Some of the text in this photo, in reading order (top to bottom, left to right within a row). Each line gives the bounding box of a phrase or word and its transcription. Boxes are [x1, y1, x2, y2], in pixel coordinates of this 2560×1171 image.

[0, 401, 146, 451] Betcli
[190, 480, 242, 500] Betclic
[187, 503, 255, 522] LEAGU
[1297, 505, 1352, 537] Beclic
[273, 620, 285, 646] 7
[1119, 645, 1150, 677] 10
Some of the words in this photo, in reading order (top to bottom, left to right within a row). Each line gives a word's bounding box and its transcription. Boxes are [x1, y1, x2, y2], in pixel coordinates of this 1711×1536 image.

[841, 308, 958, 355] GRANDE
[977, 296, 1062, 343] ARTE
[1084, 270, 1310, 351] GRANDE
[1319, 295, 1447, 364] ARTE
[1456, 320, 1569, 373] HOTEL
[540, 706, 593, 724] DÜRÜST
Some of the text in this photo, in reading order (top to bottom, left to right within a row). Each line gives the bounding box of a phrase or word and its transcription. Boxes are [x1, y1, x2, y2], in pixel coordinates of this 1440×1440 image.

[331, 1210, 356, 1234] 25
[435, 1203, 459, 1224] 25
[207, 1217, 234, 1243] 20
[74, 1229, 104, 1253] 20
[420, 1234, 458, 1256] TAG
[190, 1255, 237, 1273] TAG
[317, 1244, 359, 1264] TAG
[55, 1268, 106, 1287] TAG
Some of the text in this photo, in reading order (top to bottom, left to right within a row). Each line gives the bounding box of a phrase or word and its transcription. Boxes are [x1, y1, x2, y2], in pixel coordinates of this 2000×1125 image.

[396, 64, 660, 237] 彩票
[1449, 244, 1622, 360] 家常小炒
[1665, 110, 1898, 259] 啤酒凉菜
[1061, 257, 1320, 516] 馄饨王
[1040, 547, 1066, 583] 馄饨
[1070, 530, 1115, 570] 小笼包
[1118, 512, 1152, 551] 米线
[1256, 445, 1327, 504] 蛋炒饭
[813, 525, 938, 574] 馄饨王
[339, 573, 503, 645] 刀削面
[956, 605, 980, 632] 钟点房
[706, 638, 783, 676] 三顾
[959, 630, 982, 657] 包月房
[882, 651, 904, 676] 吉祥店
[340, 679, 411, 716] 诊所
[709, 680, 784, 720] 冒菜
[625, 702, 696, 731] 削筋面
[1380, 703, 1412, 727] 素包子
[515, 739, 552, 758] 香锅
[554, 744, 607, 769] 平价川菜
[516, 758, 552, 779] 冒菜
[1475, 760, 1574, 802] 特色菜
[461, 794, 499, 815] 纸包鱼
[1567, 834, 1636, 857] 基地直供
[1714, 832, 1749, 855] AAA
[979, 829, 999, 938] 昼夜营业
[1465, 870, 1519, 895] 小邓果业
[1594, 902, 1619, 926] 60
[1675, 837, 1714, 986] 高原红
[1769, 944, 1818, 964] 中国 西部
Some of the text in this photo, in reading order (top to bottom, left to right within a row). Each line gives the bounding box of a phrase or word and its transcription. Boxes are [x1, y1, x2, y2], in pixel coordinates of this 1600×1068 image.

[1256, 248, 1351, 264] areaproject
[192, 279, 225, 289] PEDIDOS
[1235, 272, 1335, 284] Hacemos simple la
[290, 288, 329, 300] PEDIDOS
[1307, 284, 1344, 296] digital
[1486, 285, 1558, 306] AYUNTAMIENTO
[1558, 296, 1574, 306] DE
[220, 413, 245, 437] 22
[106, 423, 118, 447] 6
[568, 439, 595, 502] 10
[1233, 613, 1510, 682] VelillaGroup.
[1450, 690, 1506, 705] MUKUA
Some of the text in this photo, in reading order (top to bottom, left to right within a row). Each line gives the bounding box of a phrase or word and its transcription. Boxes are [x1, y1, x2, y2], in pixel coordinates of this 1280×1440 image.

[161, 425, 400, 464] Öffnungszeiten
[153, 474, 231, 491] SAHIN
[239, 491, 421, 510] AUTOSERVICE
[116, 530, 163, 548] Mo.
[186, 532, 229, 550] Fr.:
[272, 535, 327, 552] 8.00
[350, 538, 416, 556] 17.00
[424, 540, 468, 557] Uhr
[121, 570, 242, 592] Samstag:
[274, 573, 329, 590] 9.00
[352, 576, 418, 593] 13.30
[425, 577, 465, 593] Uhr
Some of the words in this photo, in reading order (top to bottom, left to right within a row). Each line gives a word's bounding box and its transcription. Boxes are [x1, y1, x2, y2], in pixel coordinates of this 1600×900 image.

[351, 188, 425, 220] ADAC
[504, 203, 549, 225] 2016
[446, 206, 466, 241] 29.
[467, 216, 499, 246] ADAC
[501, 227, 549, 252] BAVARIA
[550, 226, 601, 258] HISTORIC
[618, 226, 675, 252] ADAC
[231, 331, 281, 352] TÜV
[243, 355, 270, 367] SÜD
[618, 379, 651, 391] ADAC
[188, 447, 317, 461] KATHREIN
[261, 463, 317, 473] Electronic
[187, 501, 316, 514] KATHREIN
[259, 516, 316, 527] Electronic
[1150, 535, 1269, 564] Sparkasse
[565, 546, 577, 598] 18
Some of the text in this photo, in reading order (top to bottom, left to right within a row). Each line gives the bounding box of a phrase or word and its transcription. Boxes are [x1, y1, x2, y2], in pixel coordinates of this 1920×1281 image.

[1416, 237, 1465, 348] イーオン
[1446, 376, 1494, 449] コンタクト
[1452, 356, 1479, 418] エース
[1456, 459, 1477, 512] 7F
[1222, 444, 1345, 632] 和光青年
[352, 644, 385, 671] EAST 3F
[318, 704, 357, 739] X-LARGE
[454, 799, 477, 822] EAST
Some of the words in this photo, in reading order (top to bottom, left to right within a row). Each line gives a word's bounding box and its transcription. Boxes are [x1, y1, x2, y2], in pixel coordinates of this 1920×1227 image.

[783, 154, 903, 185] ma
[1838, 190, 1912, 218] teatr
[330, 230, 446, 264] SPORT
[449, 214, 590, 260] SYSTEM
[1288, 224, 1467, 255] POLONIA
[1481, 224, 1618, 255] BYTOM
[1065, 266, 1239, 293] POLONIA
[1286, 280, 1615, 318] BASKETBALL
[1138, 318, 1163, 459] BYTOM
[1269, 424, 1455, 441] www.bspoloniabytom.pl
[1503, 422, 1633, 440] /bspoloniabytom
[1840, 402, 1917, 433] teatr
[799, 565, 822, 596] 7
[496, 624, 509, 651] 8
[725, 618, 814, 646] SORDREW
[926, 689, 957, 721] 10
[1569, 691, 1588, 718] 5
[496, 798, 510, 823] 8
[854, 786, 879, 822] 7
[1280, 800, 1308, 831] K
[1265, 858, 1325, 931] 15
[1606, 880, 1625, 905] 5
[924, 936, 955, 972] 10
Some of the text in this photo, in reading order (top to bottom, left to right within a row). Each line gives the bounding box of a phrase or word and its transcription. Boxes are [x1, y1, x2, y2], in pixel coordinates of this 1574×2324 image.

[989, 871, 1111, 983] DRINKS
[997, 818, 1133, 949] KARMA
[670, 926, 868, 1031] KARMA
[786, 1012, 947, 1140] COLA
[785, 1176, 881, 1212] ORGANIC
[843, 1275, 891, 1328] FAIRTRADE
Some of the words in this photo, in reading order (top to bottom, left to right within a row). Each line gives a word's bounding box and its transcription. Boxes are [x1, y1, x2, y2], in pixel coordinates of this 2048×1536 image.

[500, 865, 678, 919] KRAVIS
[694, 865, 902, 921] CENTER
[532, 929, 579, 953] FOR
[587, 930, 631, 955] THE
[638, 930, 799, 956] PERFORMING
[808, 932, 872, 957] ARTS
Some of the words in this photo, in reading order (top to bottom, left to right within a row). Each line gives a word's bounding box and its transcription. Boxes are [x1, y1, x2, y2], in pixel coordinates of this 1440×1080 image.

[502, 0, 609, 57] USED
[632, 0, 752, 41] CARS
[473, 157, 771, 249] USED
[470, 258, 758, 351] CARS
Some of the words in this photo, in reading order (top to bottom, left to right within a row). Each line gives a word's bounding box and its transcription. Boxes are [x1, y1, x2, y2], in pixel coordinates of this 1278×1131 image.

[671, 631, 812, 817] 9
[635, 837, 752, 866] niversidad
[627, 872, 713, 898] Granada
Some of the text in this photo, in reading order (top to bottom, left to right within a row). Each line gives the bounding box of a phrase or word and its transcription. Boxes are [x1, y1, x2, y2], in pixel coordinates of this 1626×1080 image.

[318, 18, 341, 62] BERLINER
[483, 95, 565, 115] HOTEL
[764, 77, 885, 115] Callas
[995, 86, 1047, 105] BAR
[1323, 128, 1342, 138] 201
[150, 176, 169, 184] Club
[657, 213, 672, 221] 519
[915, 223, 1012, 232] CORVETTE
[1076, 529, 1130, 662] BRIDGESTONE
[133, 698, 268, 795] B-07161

▸ **Problem**: Print only the lines from the one with "this 1626×1080 image." to the end of the records, both included.

▸ **Answer box**:
Some of the text in this photo, in reading order (top to bottom, left to right within a row). Each line gives the bounding box of a phrase or word and its transcription. Boxes are [x1, y1, x2, y2], in pixel coordinates of this 1626×1080 image.

[318, 18, 341, 62] BERLINER
[483, 95, 565, 115] HOTEL
[764, 77, 885, 115] Callas
[995, 86, 1047, 105] BAR
[1323, 128, 1342, 138] 201
[150, 176, 169, 184] Club
[657, 213, 672, 221] 519
[915, 223, 1012, 232] CORVETTE
[1076, 529, 1130, 662] BRIDGESTONE
[133, 698, 268, 795] B-07161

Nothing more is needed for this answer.